Numbering in the thousands and made from slate, the owl-like objects – previously dated the stone objects to be between 5,500 and 4,750 years old – may be "the archaeological trace of playful and learning activities carried out by youngsters," according to the team of Spanish researchers behind the new study.
"Owl-like objects made in stone provide perhaps one of the few glimpses to childhood behavior in the archaeological record of ancient European societies," they write.
Led by Juan Negro, an evolutionary biologist at the Spanish National Research Council's Doñana Biological Station in Seville, the team of researchers compared the slates to the facial features of local owl species found in Spain and Portugal and made replicas to see how easy they would be to engrave.

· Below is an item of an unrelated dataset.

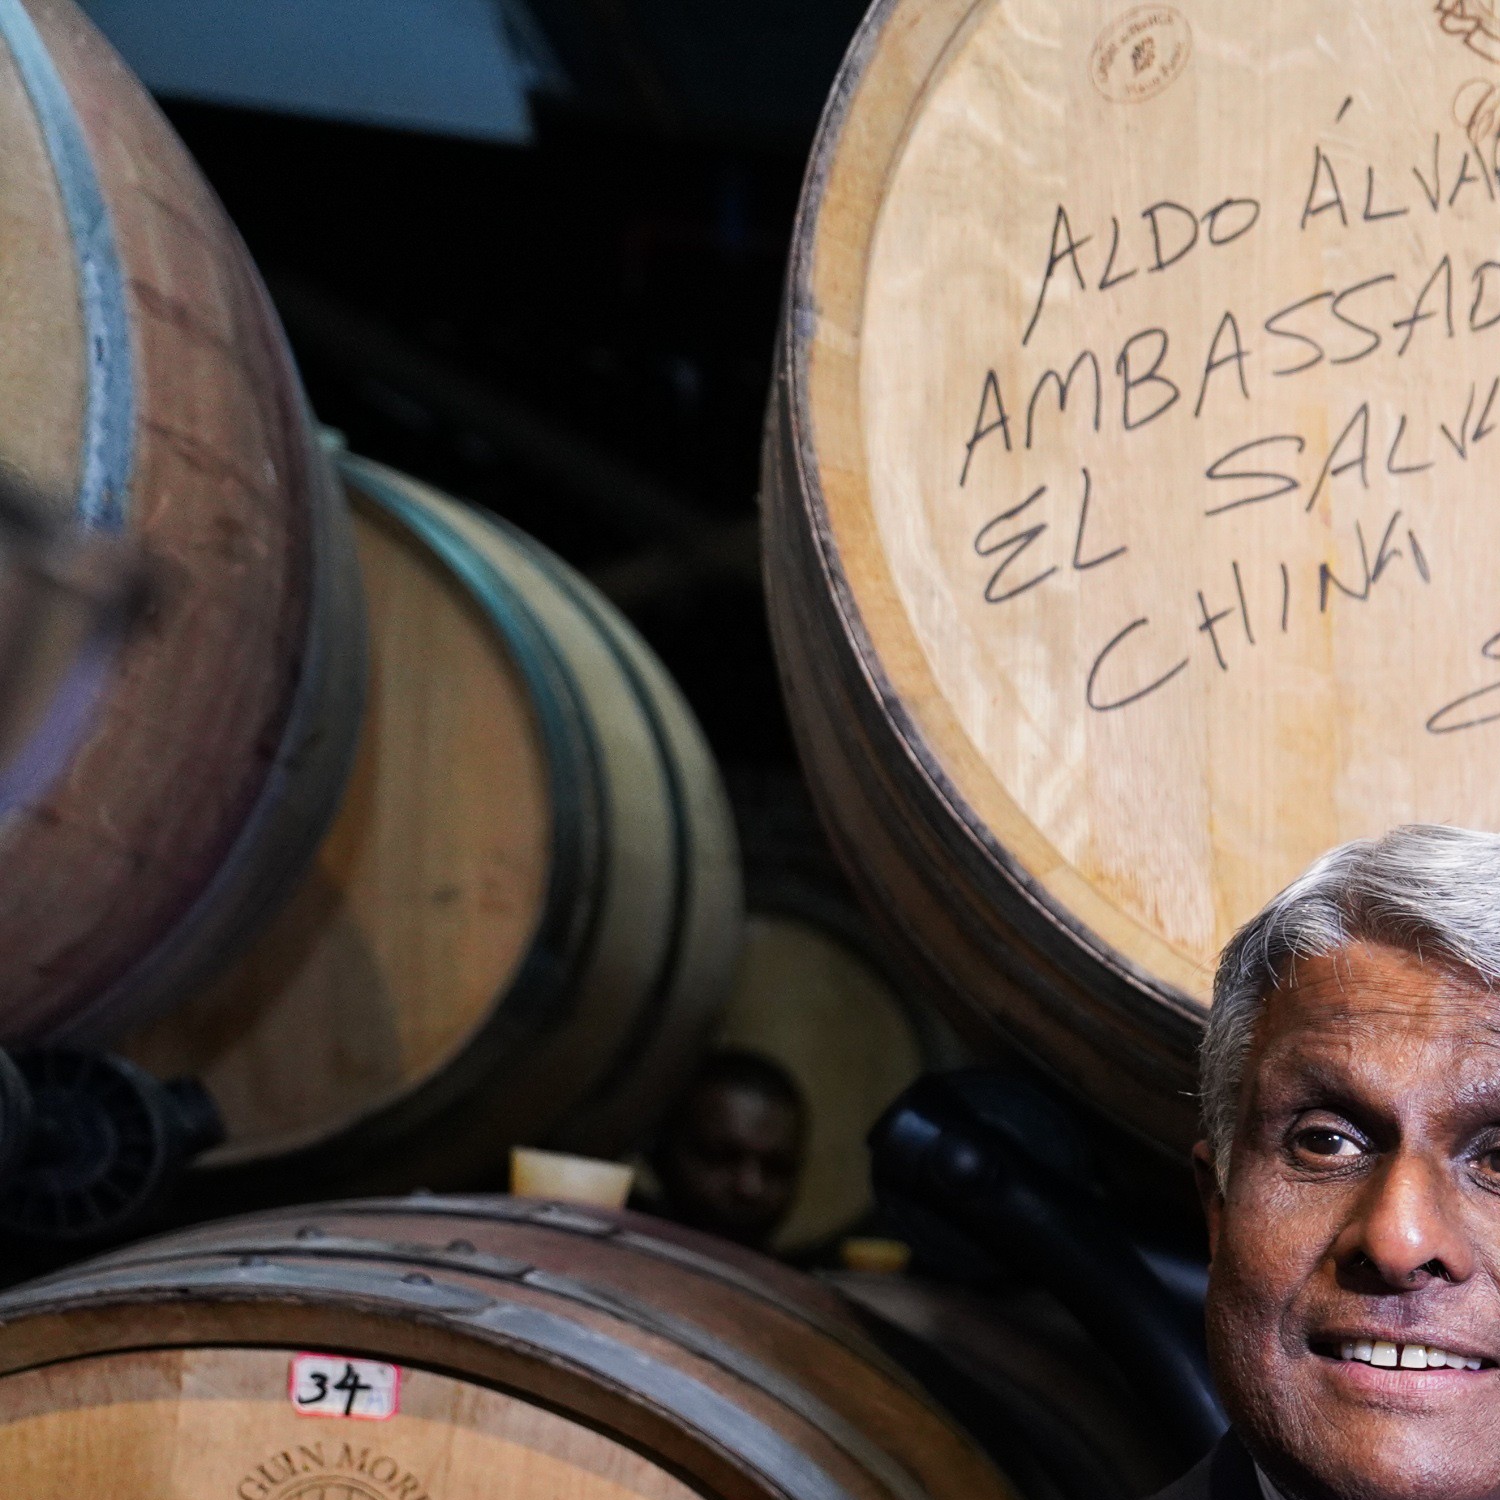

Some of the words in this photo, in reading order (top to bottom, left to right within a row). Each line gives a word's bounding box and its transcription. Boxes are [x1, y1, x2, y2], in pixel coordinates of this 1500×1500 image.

They suggest kids would have been able to easily engrave slate using pointed tools made of flint, quartz, or copper, creating 'body' patterns that emulate the streaked plumage of owls, and the circles for eyes are unmistakably owl-like, casting an unwavering stare straight at the observer.
The "owliness" of the designs is comparable to the drawing skills of modern school children who depict owls in much the same way.

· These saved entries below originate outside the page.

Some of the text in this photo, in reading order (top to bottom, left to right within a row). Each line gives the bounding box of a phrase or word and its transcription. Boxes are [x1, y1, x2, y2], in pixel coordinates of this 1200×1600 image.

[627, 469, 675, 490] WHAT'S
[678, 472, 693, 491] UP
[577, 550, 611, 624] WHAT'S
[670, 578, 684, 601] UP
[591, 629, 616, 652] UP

Two small holes at the top of many plaques also showed no signs of wear. This, the researchers say, means that the stones were probably not strung up as plaques, as other archeologists have claimed. Instead, Negro and colleagues suggest owl feathers could have been placed in the holes to resemble the tufts of feathered friends.
Archeologists have debated the meaning of these objects for more than a century, and this research simply reinvigorates that conversation.

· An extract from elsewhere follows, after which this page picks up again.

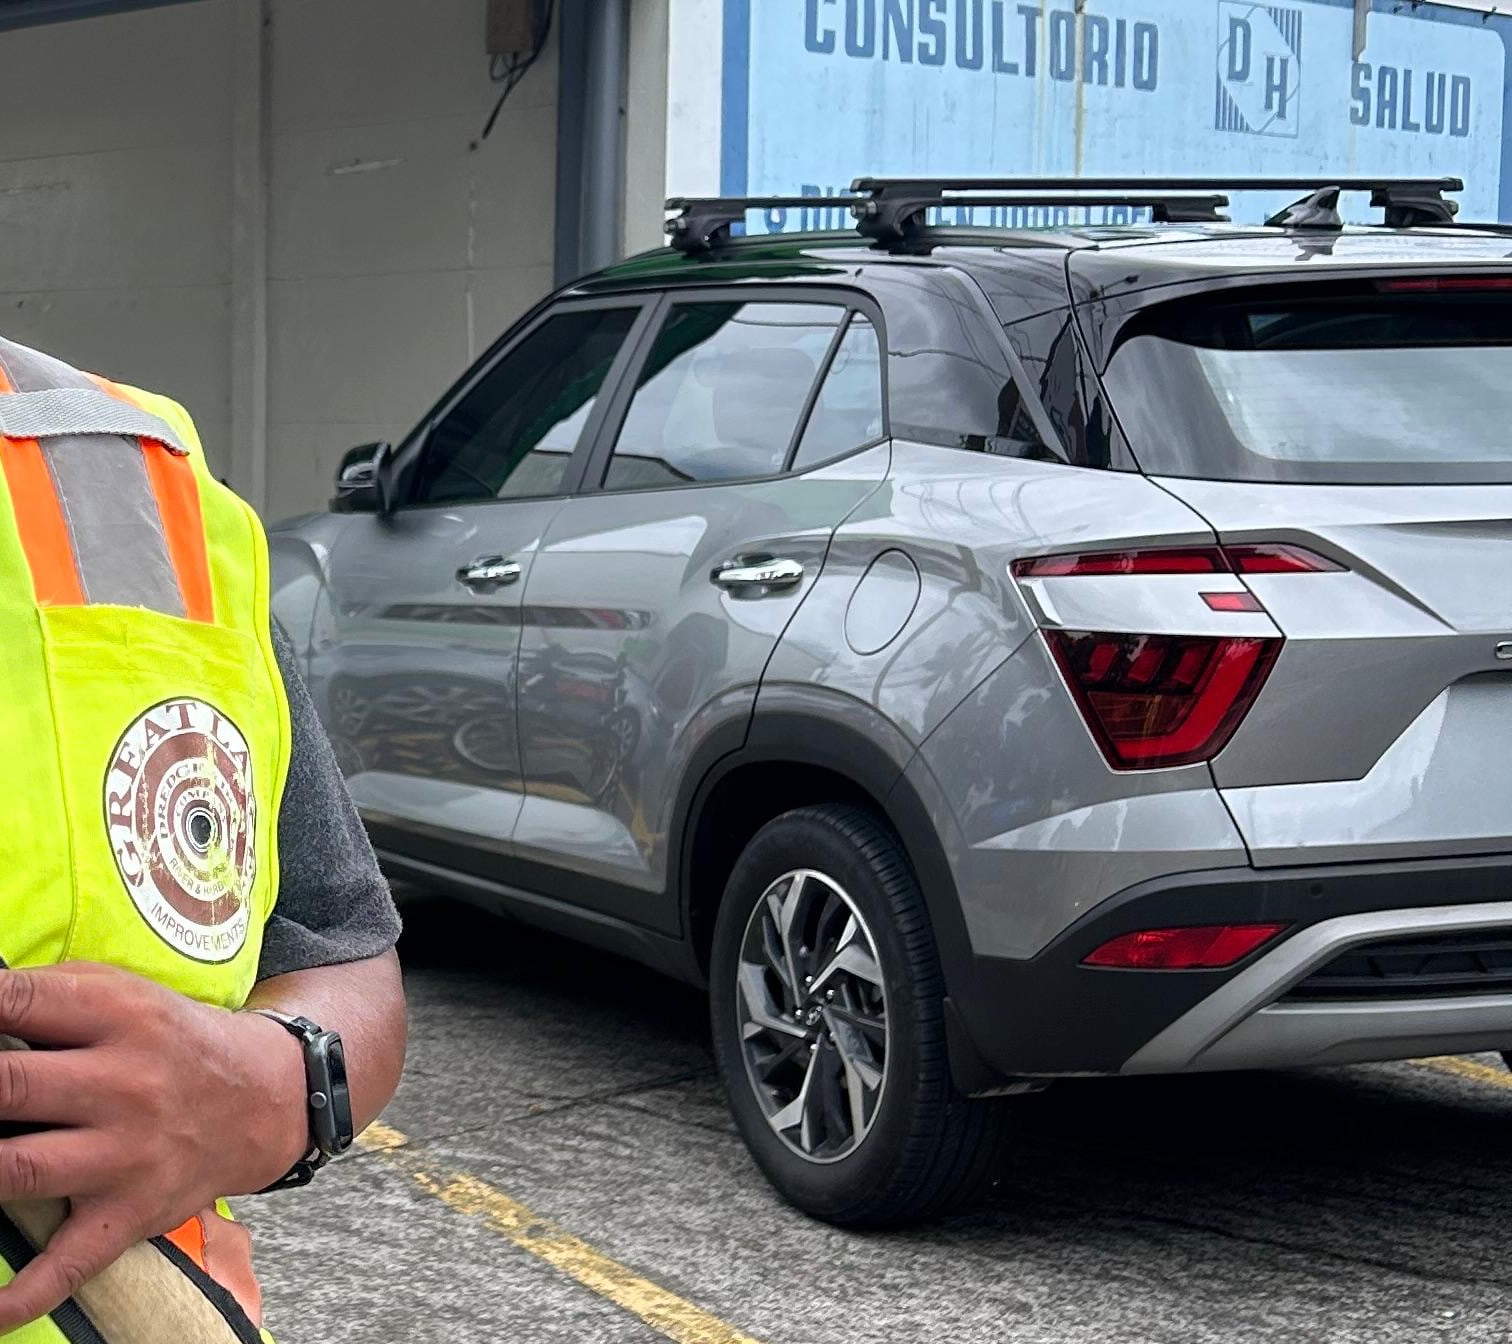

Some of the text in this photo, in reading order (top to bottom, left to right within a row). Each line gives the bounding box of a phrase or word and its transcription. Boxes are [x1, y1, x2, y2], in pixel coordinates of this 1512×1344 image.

Negro and colleagues don't rule out the possibility that the plaques could have been later used in rituals as burial offerings; they say young people might have paid homage to their elders by leaving objects they had made together as tributes to the deceased.
Regardless of how the plaques were made or what they were used for, their uncanny resemblance to two owl species common in Spain and Portugal – the little owl (Athene noctua) and the long-eared owl (Asio otus) – can be seen in the image below.
"When the stone is carved, it has the peculiarity of alternating its natural black color with the white of the lines that have been engraved, a characteristic that facilitates the imitation of the cryptic plumage of the owls," Negro and colleagues write.
"These slate slabs, so characteristic of the Copper Age in Iberia, could have been part of the learning process to handle stone objects," adds art historian and study author Víctor Díaz Núñez de Arenas of Complutense University in Madrid.
Not all archeologists are convinced, however. They say the evidence presented isn't particularly strong or scientific and that the slates are unlikely the playful creations of children because they appear to be so widely made in a standard way.
"If children, as the largest demographic of these communities, were making them, these kinds of plaques should be much more common, when in fact, those plaques with owl-like qualities make up only about 4 percent of all plaques," Katina Lillios, an anthropological archaeologist at the University of Iowa, told New Scientist.
What no one is questioning is the way owls have long been entwined in human culture. These majestic birds have been depicted "since the dawn of art" in the Paleolithic period, Negro and colleagues write, on coins and ceramics, in mosaics and cave art, from Spain and France to Australia and Africa.
"That may have to do with frequent encounters with actual owls, creatures of the night with salient anthropomorphic features."
The study was published in Scientific Reports.